Exercise aim:
Leave the images out. Give every line below again, precisely.
-------------------------
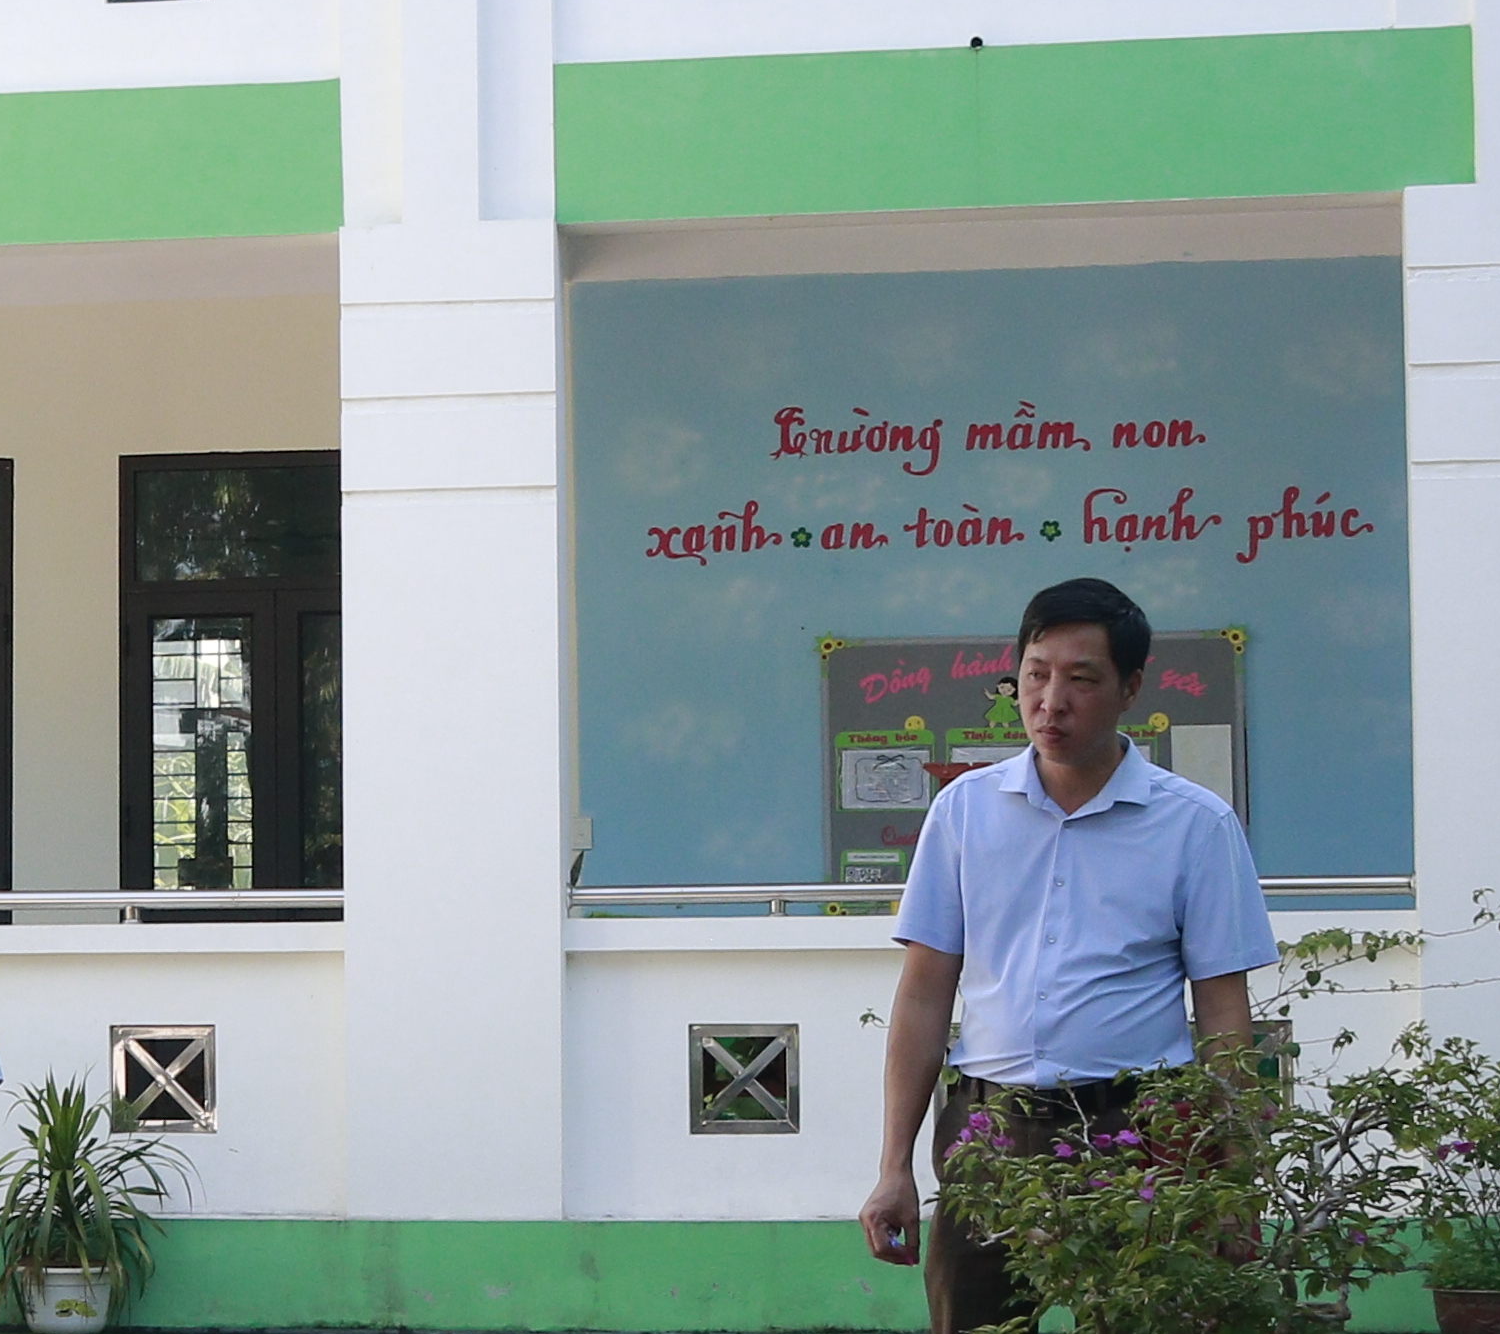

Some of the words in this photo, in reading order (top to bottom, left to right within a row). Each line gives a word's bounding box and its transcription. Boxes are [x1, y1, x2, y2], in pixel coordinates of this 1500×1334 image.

[966, 400, 1091, 451] mầm
[1112, 419, 1207, 448] non
[820, 522, 889, 550] an
[903, 503, 1025, 549] toàn
[1083, 487, 1223, 553] hạnh
[1236, 486, 1375, 564] phúc
[951, 644, 1015, 680] hành
-------------------------
Your response:
Some of the words in this photo, in reading order (top to bottom, left to right within a row). Each line gives a word's bounding box and its transcription. Boxes are [x1, y1, x2, y2], in pixel coordinates of this 1500×1334 image.

[966, 400, 1091, 451] mầm
[1112, 419, 1207, 448] non
[820, 522, 889, 550] an
[903, 503, 1025, 549] toàn
[1083, 487, 1223, 553] hạnh
[1236, 486, 1375, 564] phúc
[951, 644, 1015, 680] hành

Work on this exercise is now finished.